Distilbène: les familles réclament que le laboratoire prouve son innocence
Me Martine Verdier, avocate de deux familles d'enfants dont le handicap serait lié aux effets du Distilbène (DES), vendu par UCB Pharma jusqu'en 1977, a réclamé que ce soit au laboratoire d'apporter les preuves de son innocence et non plus aux familles de prouver sa responsabilité.

Source photo : Miguel Medina [AFP/Archives]
Me Verdier a demandé jeudi à la cour d'appel de Versailles de reconnaître une "présomption de causalité", qui renverserait la charge de la preuve au profit des victimes.
"Depuis quinze ans que dure l'affaire du Distilbène, on a un recul suffisant sur les effets délétères du médicament donc si vous présentez ces effets et que vous avez été exposé au DES, le présomption de causalité impliquera que ce sera au laboratoire de démontrer qu'une autre cause est possible", a déclaré Me Verdier à la presse.

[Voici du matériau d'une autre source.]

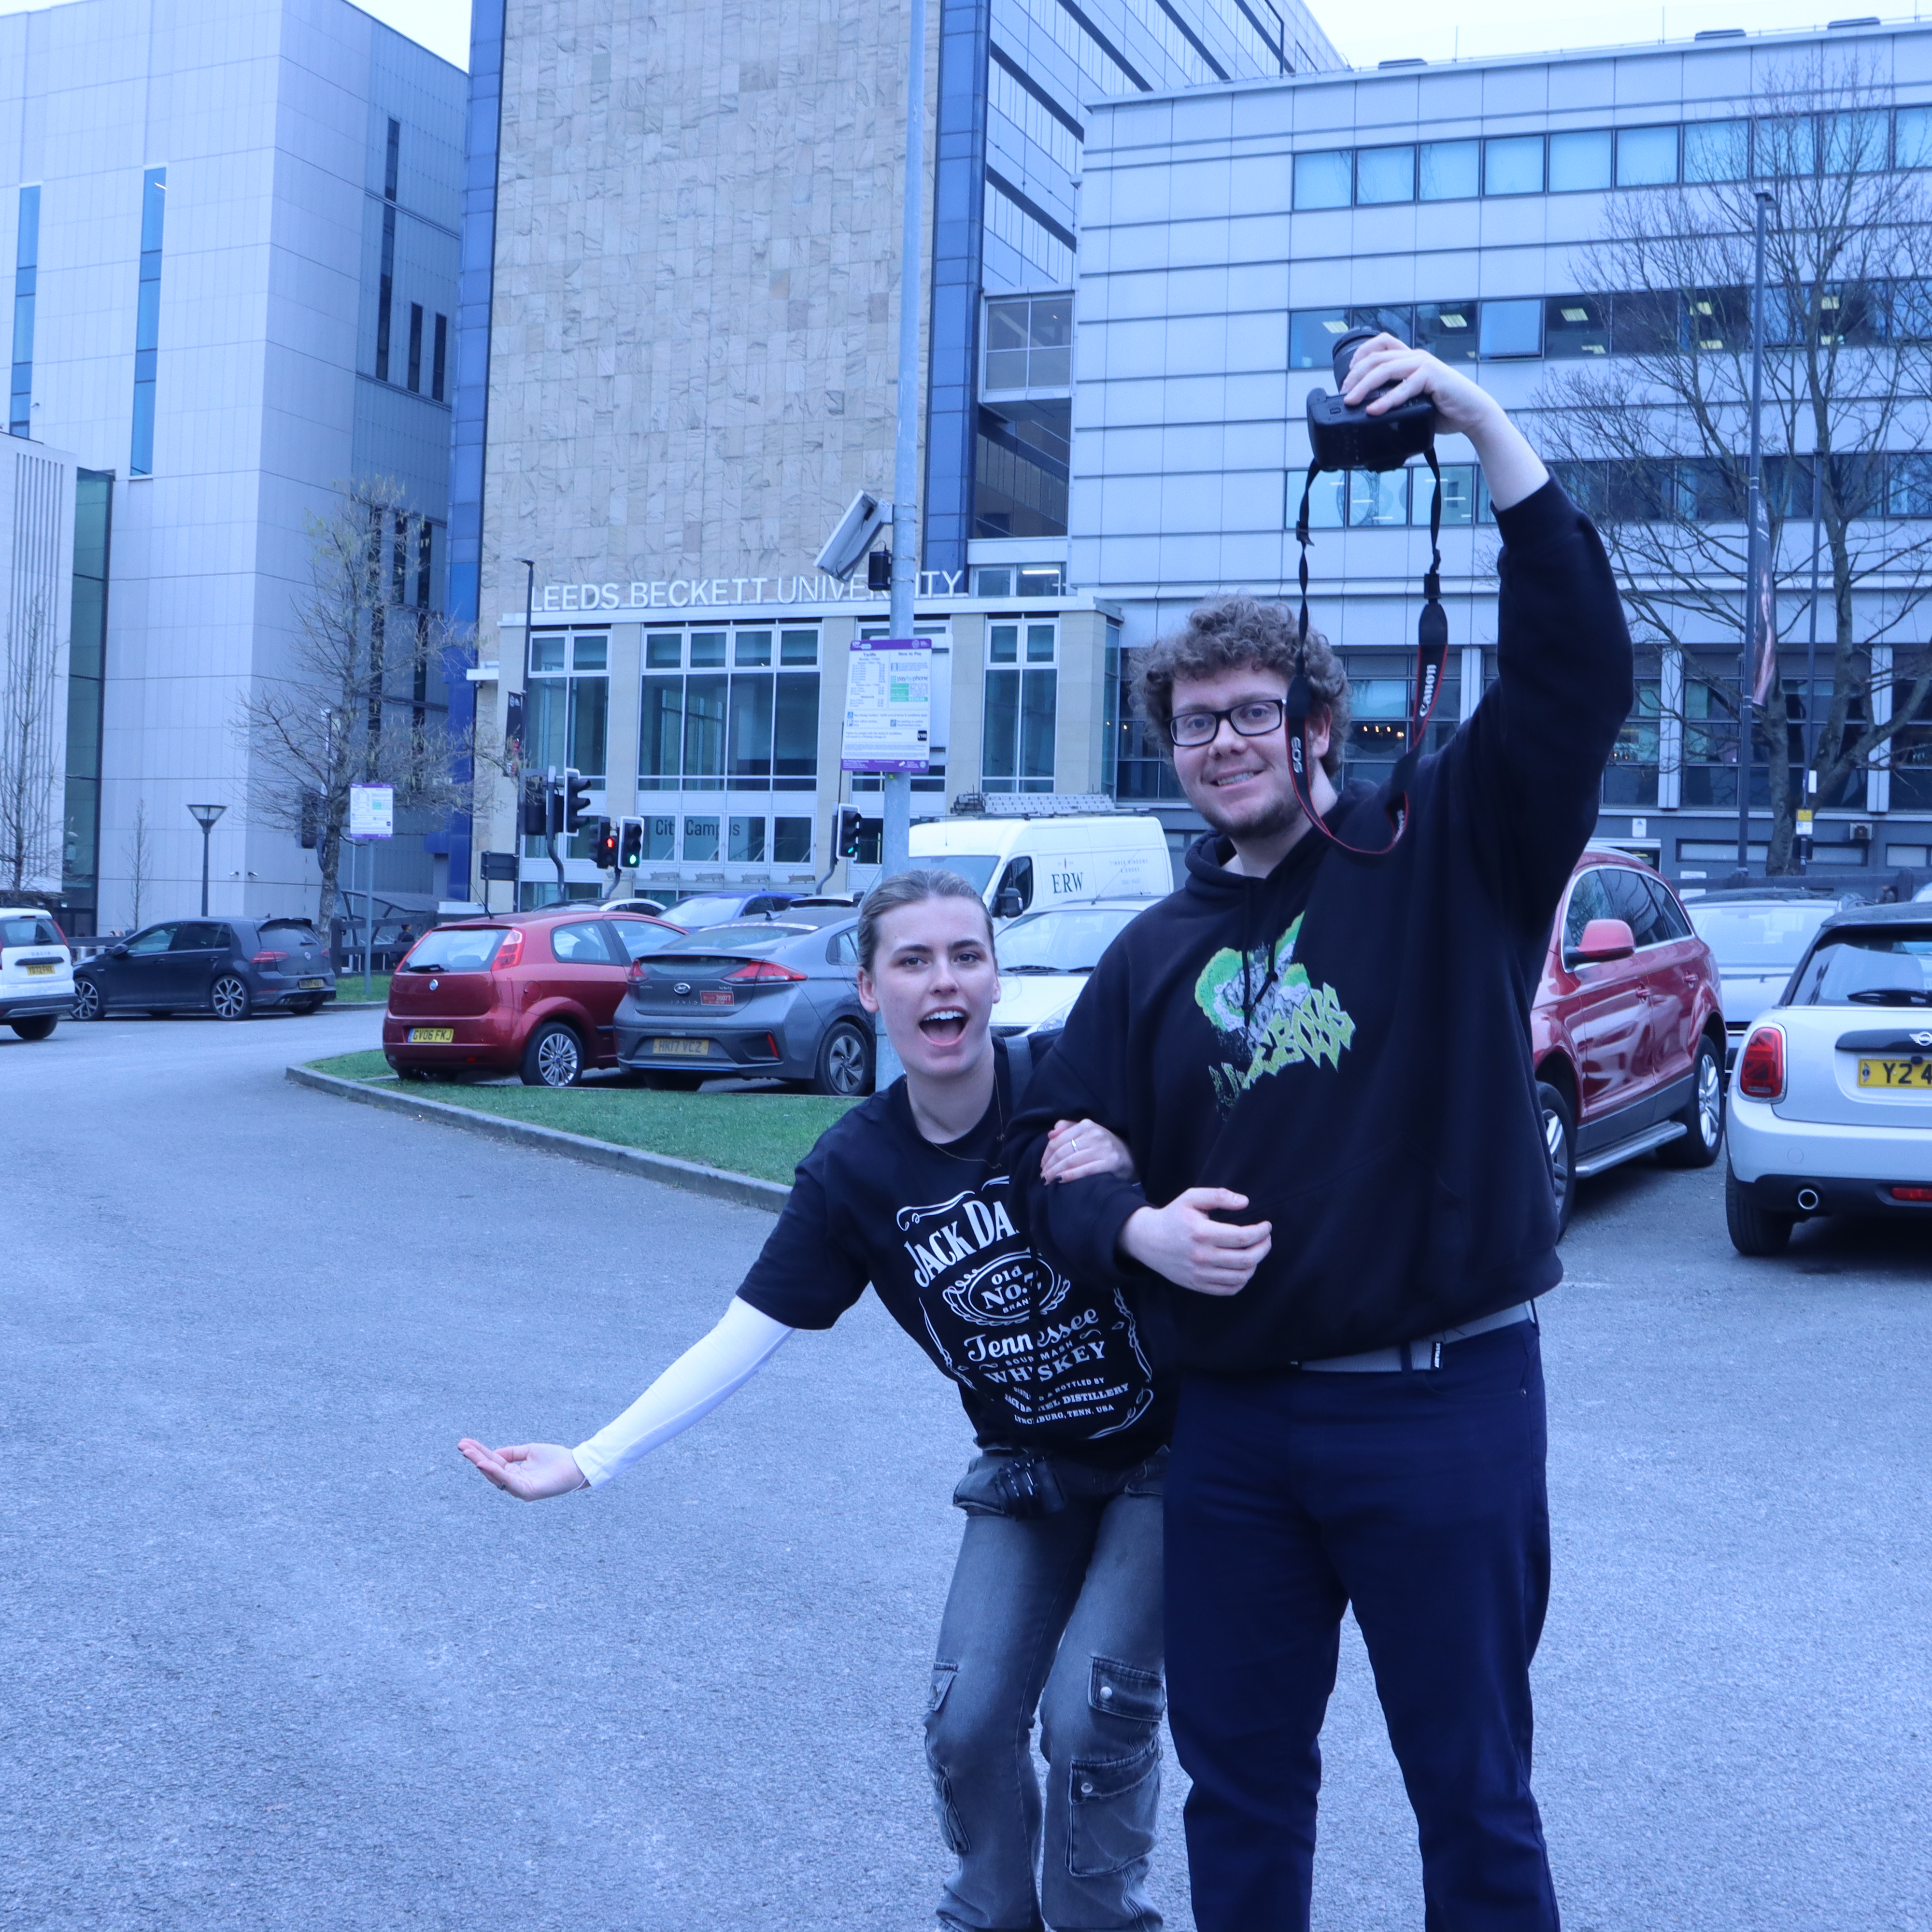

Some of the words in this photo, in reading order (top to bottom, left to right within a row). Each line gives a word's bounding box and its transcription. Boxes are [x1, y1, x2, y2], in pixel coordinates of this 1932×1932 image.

[531, 582, 621, 611] LEEDS
[630, 577, 768, 608] BECKETT
[777, 569, 963, 604] UNIVEITY
[1419, 664, 1437, 717] Canon
[1291, 736, 1303, 773] EOS
[655, 819, 675, 836] Cit
[1051, 871, 1084, 894] ERW
[904, 1220, 977, 1288] JACK
[1002, 1297, 1031, 1314] BRAN
[1040, 1339, 1073, 1361] MASH
[983, 1341, 1105, 1383] WHSKEY
[1062, 1382, 1129, 1405] DISTILLERY
[1066, 1407, 1094, 1418] TENN.
[1095, 1404, 1115, 1413] USA

Le Distilbène est le nom commercial d'une hormone de synthèse prescrite en France entre 1950 et 1977 aux femmes enceintes pour prévenir les fausses couches, les risques de prématurité et traiter les hémorragies de la grossesse.
La nocivité du DES ou diéthylstilbestrol a été établie chez les enfants exposés in utero, en particulier chez les filles. En 1977, le fabricant du Distilbène, UCB Pharma, a décidé de rendre publique sa contre-indication aux femmes enceintes en France.
La cour d'appel de Versailles a examiné jeudi deux cas d'enfants dont le handicap serait lié aux effets de l'exposition au Distilbène de leurs mères in utero. La décision de la cour d'appel sera rendue le 9 juin.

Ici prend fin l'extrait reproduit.